Re: Solr performance is slow with just 1GB of data indexed

2015-08-26 Thread Toke Eskildsen
On Wed, 2015-08-26 at 15:47 +0800, Zheng Lin Edwin Yeo wrote:

> Now I've tried to increase the carrot.fragSize to 75 and
> carrot.summarySnippets to 2, and set the carrot.produceSummary to
> true. With this setting, I'm mostly able to get the cluster results
> back within 2 to 3 seconds when I set rows=200. I'm still trying out
> to see if the cluster labels are ok, but in theory do you think this
> is a suitable setting to attempt to improve the clustering results and
> at the same time improve the performance?

I don't know - the quality/performance point as well as which knobs to
tweak is extremely dependent on your corpus and your hardware. A person
with better understanding of carrot might be able to do better sanity
checking, but I am not at all at that level.

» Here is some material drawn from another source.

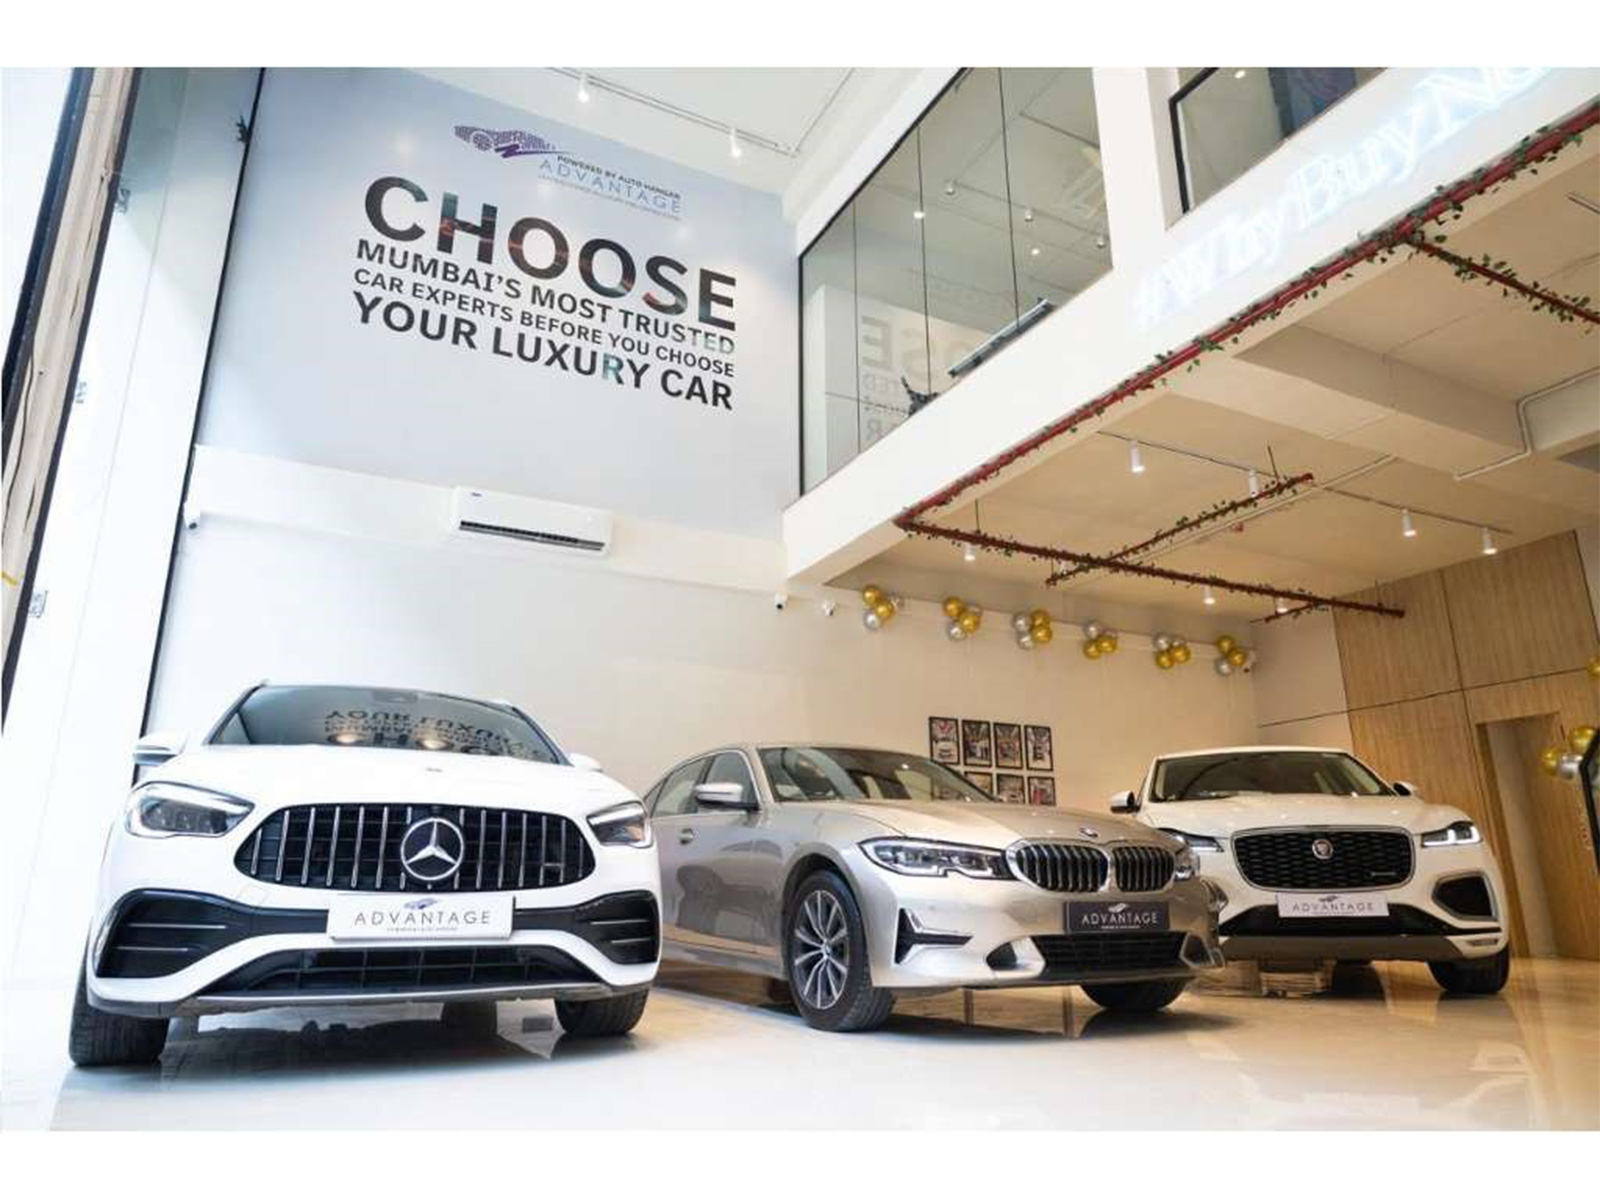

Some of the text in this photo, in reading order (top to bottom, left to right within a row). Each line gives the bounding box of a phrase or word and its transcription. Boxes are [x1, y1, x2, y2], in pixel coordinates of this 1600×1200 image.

Related, it seems to me that the question of how to tweak the clustering
has little to do with Solr and a lot to do with carrot (assuming here
that carrot is the bottleneck). You might have more success asking in a
carrot forum?


- Toke Eskildsen, State and University Library, Denmark





Re: Solr performance is slow with just 1GB of data indexed

2015-08-26 Thread Zheng Lin Edwin Yeo
Hi Toke,

Thank you for the link.

I'm using Solr 5.2.1 but I think the carrot2 bundled will be slightly older
version, as I'm using the latest carrot2-workbench-3.10.3, which is only
released recently. I've changed all the settings like fragSize and
desiredCluserCountBase to be the same on both sides, and I'm now able to
get very similar cluster results.

Now I've tried to increase the carrot.fragSize to 75 and
carrot.summarySnippets to 2, and set the carrot.produceSummary to true.
With this setting, I'm mostly able to get the cluster results back within 2
to 3 seconds when I set rows=200. I'm still trying out to see if the
cluster labels are ok, but in theory do you think this is a suitable
setting to attempt to improve the clustering results and at the same time
improve the performance?

Regards,
Edwin



On 26 August 2015 at 13:58, Toke Eskildsen  wrote:

> On Wed, 2015-08-26 at 10:10 +0800, Zheng Lin Edwin Yeo wrote:
> > I'm currently trying out on the Carrot2 Workbench and get it to call Solr
> > to see how they did the clustering. Although it still takes some time to
> do
> > the clustering, but the results of the cluster is much better than mine.
> I
> > think its probably due to the different settings like the fragSize and
> > desiredCluserCountBase?
>
> Either that or the carrot bundled with Solr is an older version.
>
> > By the way, the link on the clustering example
> > https://cwiki.apache.org/confluence/display/solr/Result is not working
> as
> > it says 'Page Not Found'.
>
> That is because it is too long for a single line. Try copy-pasting it:
>
> https://cwiki.apache.org/confluence/display/solr/Result
> +Clustering#ResultClustering-Configuration
>
> - Toke Eskildsen, State and University Library, Denmark
>
>
>


Re: Solr performance is slow with just 1GB of data indexed

2015-08-25 Thread Toke Eskildsen
On Wed, 2015-08-26 at 10:10 +0800, Zheng Lin Edwin Yeo wrote:
> I'm currently trying out on the Carrot2 Workbench and get it to call Solr
> to see how they did the clustering. Although it still takes some time to do
> the clustering, but the results of the cluster is much better than mine. I
> think its probably due to the different settings like the fragSize and
> desiredCluserCountBase?

Either that or the carrot bundled with Solr is an older version.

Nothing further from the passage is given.